Efficient production of glutathione with multi-pathway engineering in Corynebacterium glutamicum

Abstract

Glutathione is a bioactive tripeptide composed of glycine, l-cysteine, and l-glutamate, and has been widely used in pharmaceutical, food, and healthy products. The current metabolic studies of glutathione were mainly focused on the native producing strains with precursor amino acid supplementation. In the present work, Corynebacterium glutamicum, a workhorse for industrial production of a series of amino acids, was engineered to produce glutathione. First, the introduction of glutathione synthetase gene gshF from Streptococcus agalactiae fulfilled the ability of glutathione production in C. glutamicum and revealed that l-cysteine was the limiting factor.
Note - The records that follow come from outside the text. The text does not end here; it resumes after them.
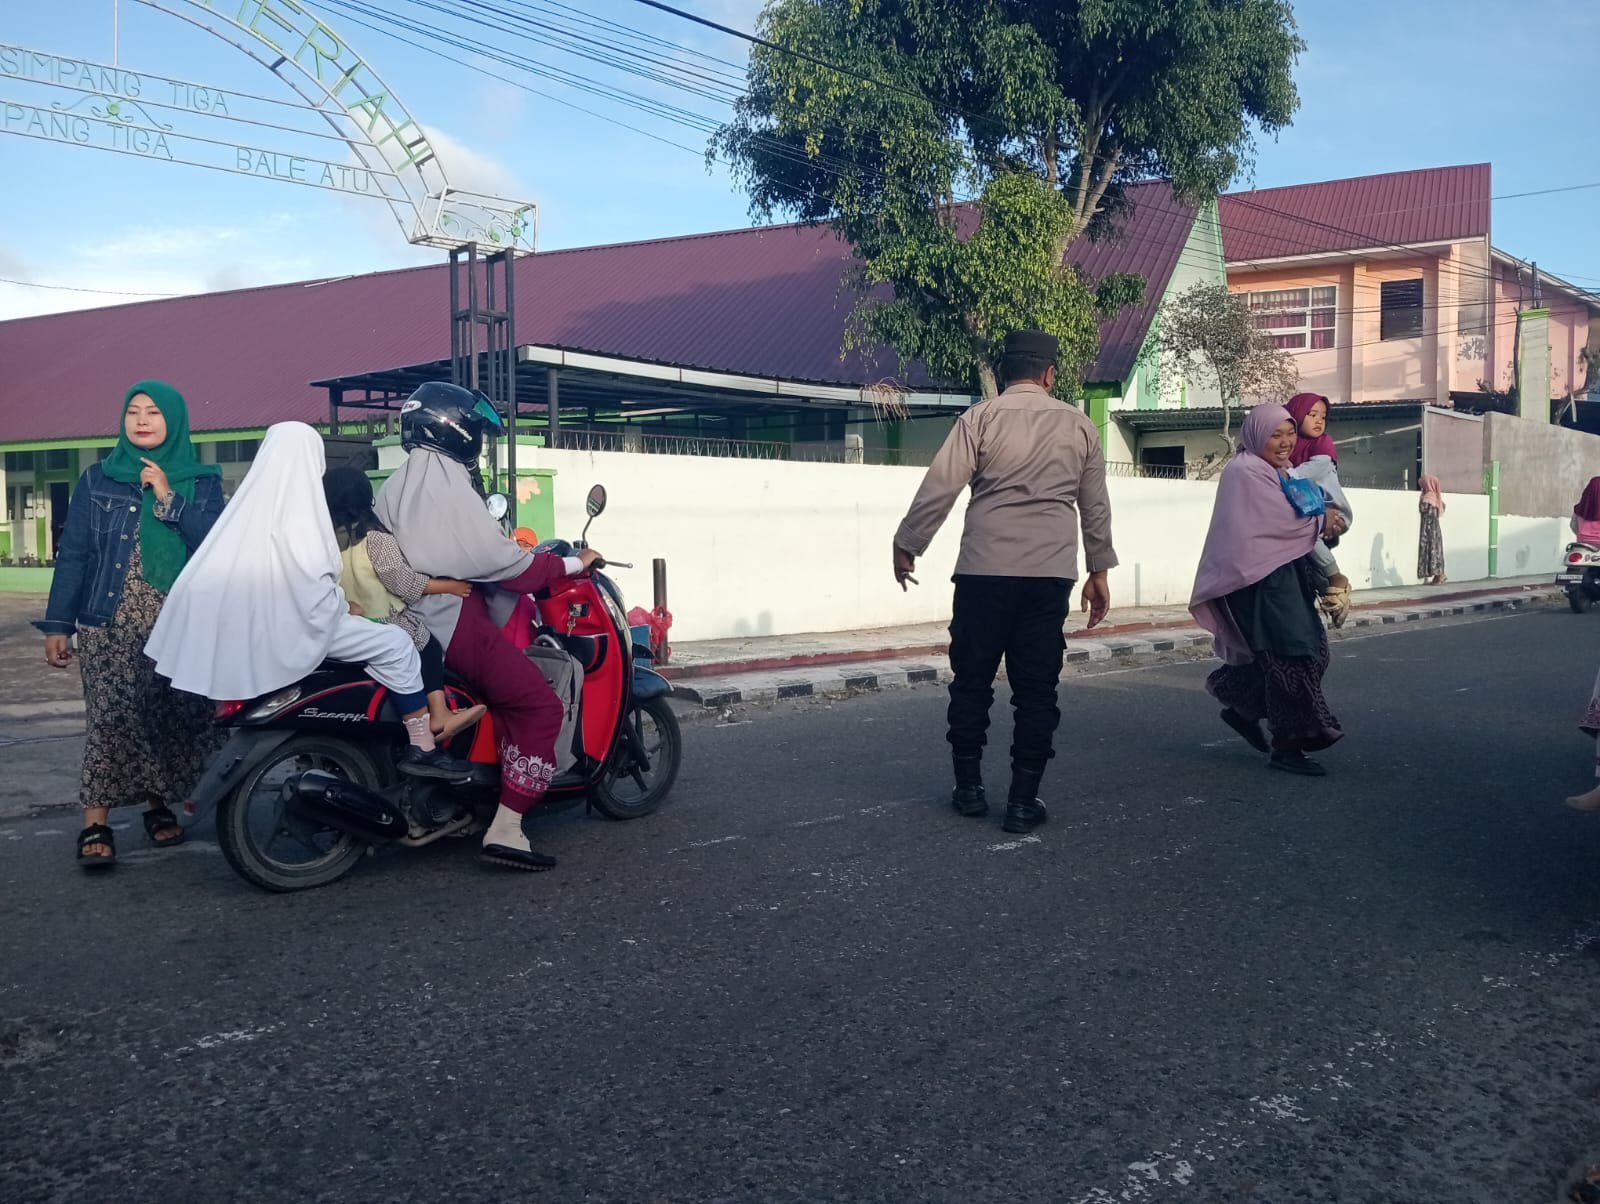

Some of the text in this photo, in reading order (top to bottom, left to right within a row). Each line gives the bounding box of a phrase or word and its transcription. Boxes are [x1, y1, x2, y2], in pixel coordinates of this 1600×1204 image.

[0, 48, 229, 115] SIMPANG TIGA
[203, 0, 433, 173] ERIAH
[236, 147, 306, 181] BALE
[320, 163, 369, 192] ATU
[297, 707, 369, 722] Scoopy
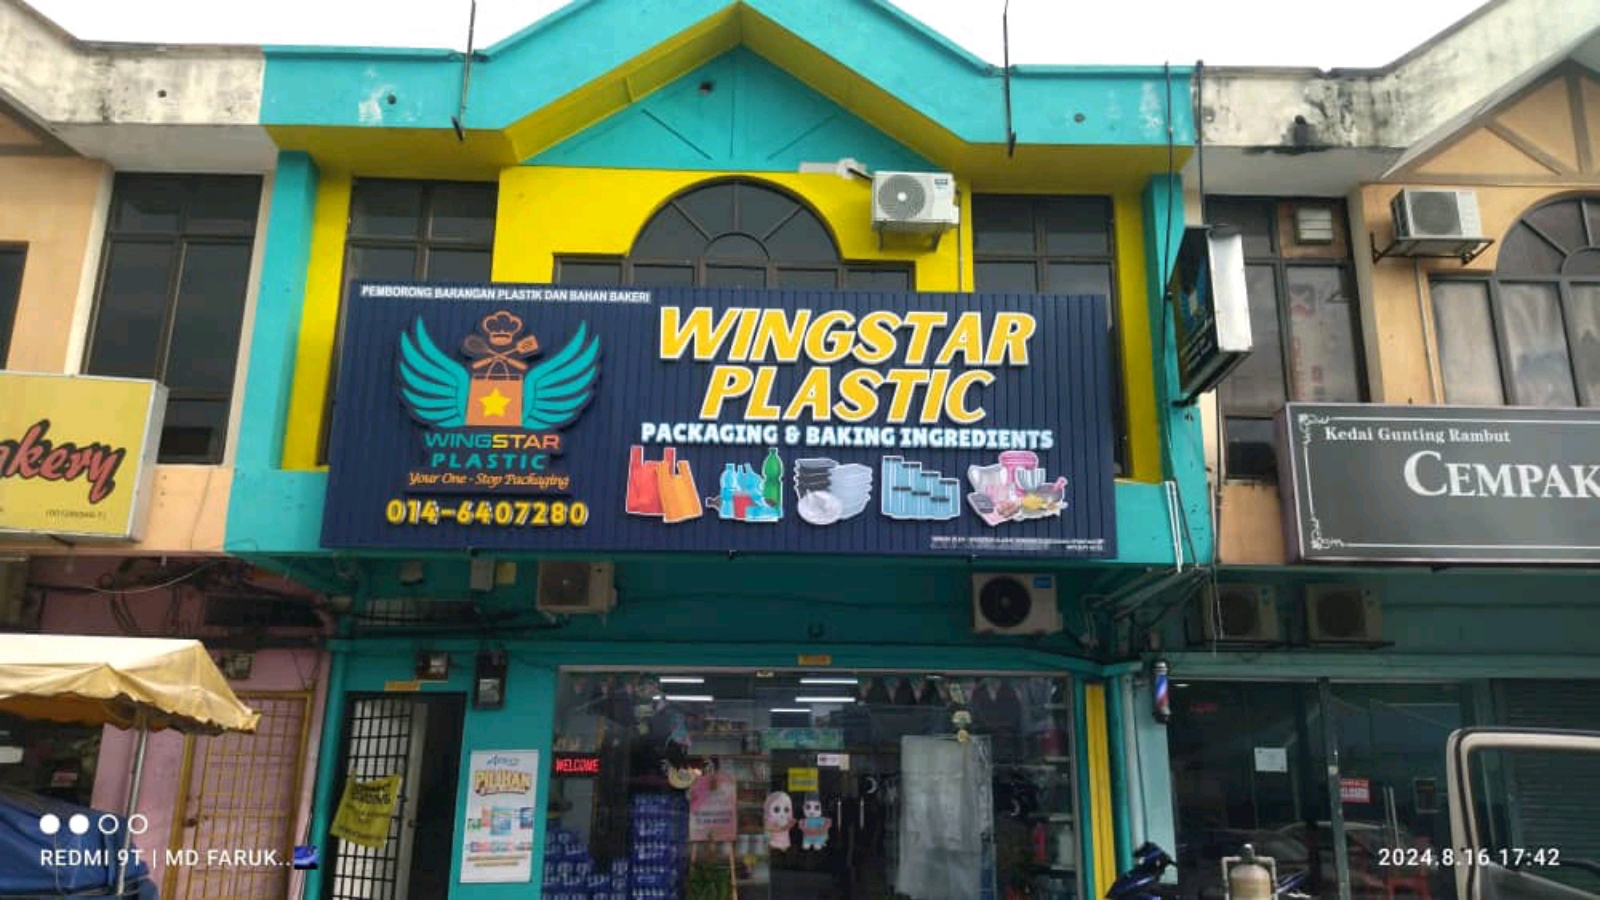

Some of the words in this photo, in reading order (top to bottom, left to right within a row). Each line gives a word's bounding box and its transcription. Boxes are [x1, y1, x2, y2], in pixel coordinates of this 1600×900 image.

[361, 285, 433, 298] PEMBORONG
[434, 287, 496, 299] BARANGAN
[497, 289, 543, 301] PLASTIK
[544, 289, 568, 301] DAN
[569, 289, 607, 302] BAHAN
[608, 291, 650, 303] BAKERI
[659, 306, 1036, 365] WINGSTAR
[700, 365, 995, 423] PLASTIC
[424, 432, 561, 449] WINGSTAR
[641, 422, 779, 444] PACKAGING
[784, 425, 801, 445] &
[805, 426, 896, 447] BAKING
[898, 427, 1054, 450] INGREDIENTS
[1324, 427, 1373, 441] Kedai
[1378, 427, 1445, 444] Gunting
[1449, 429, 1511, 443] Rambut
[430, 452, 550, 470] PLASTIC
[408, 472, 438, 485] Your
[441, 472, 467, 485] One
[476, 472, 502, 488] Stop
[504, 473, 570, 490] Packaging
[386, 499, 590, 526] 014-6407280
[556, 758, 600, 773] WELCOME
Then, considering the inherent capability of l-glutamate synthesis and the availability of external addition of low-cost glycine, l-cysteine biosynthesis was enhanced using a varieties of pathway engineering methods, such as disrupting the degradation pathways of l-cysteine and l-serine, and removing the repressor responsible for sulfur metabolism. Finally, the simultaneously introduction of gshF and enhancement of cysteine formation enabled C. glutamicum strain to produce glutathione greatly. Without external addition of l-cysteine and l-glutamate, 756 mg/L glutathione was produced. This is first time to demonstrate the potential of the glutathione non-producing strain C. glutamicum for glutathione production and provide a novel strategy to construct glutathione-producing strains.